Hosted, embedded, and custom UI modes
Checkout Sessions support different UI modes:
| UI mode | Use when |
|---|---|
hosted |
You want to redirect the customer to a Paypercut-hosted payment page. |
embedded |
You want to render Checkout inside your own page while Paypercut still controls the payment form. |
custom |
You need a more customized client integration that still uses Checkout Session state. |
Hosted Checkout is the simplest integration. Embedded and custom modes give more control over the page experience, but still keep sensitive payment details out of your backend.
Core fields
When creating a Checkout Session, you typically provide:
| Field | Purpose |
|---|---|
mode |
Selects whether the session collects a payment or saves a payment method. |
ui_mode |
Selects hosted, embedded, or custom rendering. |
currency |
Currency used for the checkout amount. |
line_items |
Products or services shown to the customer. |
success_url |
Where hosted Checkout sends the customer after completion. |
cancel_url |
Where hosted Checkout sends the customer if they cancel. |
return_url |
Where redirect-based payment methods return after authentication. |
customer |
Existing Paypercut Customer, when known. |
customer_email |
Email used to prefill or create customer data. |
client_reference_id |
Your own order, cart, customer, or session reference for reconciliation. |
payment_intent_data |
Payment Intent options such as capture_method or setup_future_usage. |
Use client_reference_id to connect the Checkout Session back to your own cart or order. Do not use it as the source of truth for payment completion; use webhooks and retrieved API objects for that.

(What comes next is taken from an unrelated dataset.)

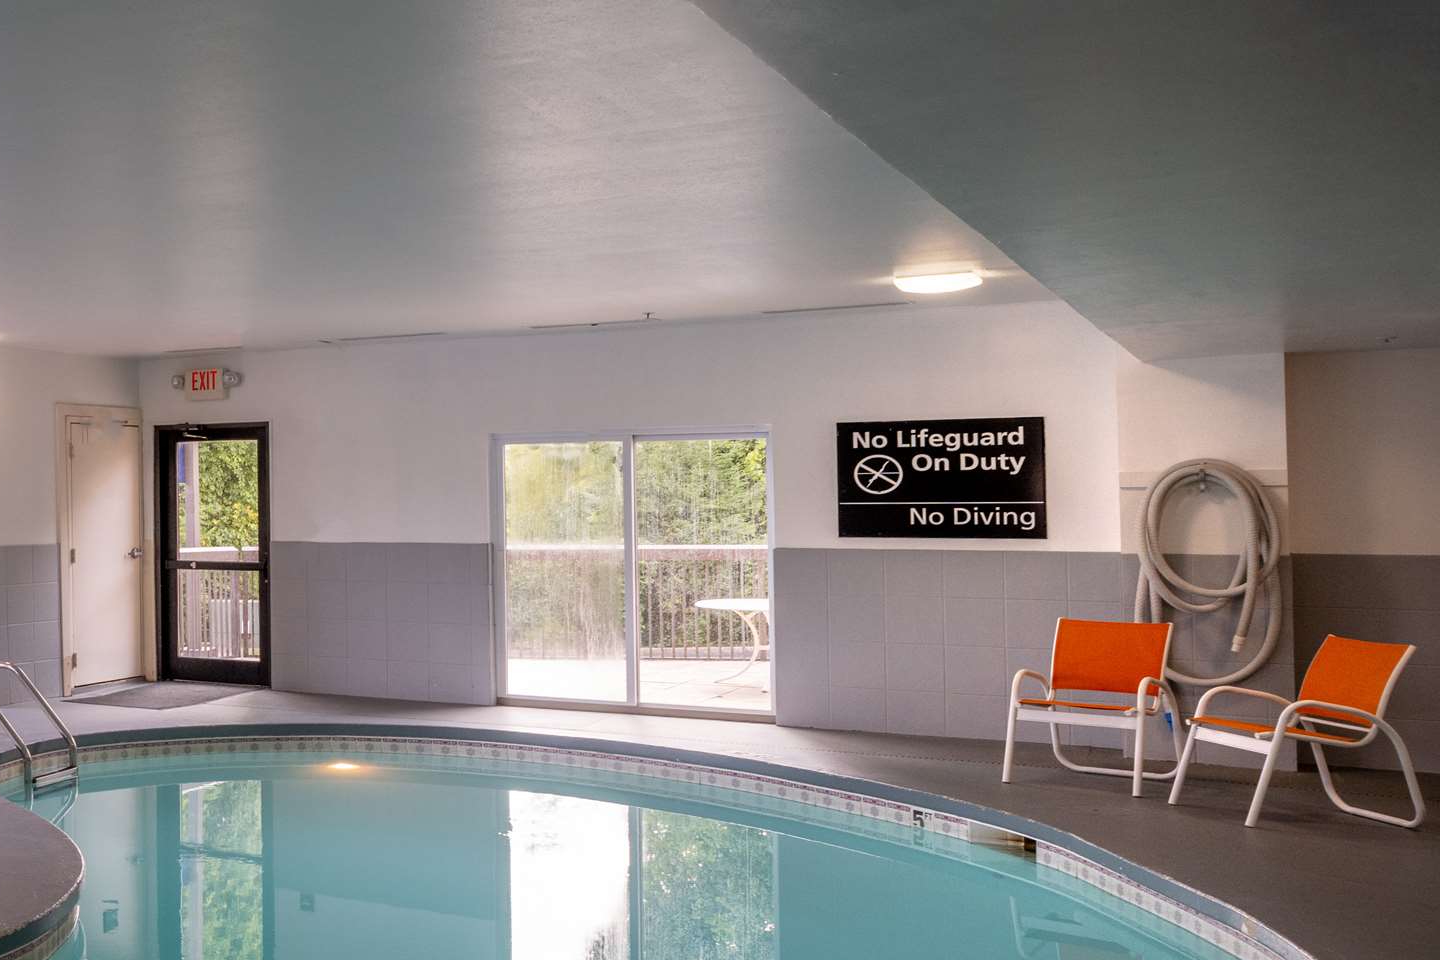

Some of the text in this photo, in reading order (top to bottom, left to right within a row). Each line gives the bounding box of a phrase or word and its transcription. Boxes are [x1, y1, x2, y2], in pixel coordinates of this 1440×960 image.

Line items and catalog prices
Checkout line items can use catalog-backed prices or inline pricing data. Catalog-backed prices are useful when the same product or plan is sold repeatedly. Inline pricing is useful for one-off or dynamically calculated checkout amounts.
Use Products and Prices when the item should be reusable across Checkout, invoices, and subscriptions. This is especially important for subscriptions because a recurring Price defines the amount, currency, billing interval, and usage model.
Payment options
Use payment_intent_data to configure the Payment Intent created by Checkout.
Common examples:
| Goal | Field |
|---|---|
| Authorize now and capture later | payment_intent_data.capture_method=manual |
| Prepare the payment method for future use | payment_intent_data.setup_future_usage |
| Attach an existing customer | customer |
For saving payment methods during a payment-mode checkout, use saved_payment_method_options.payment_method_save=enabled when you want Checkout to offer the customer an option to save a new payment method for future on-session use.
After completion
A Checkout Session has two status fields:
| Field | Meaning |
|---|---|
status |
The checkout session lifecycle, such as open, complete, or expired. |
payment_status |
Whether payment is paid, unpaid, processing, or no_payment_required. |
For order fulfillment, listen for webhook events and retrieve the related Payment Intent or Payment. Browser redirects can be interrupted and should not be the only signal used to mark an order as paid.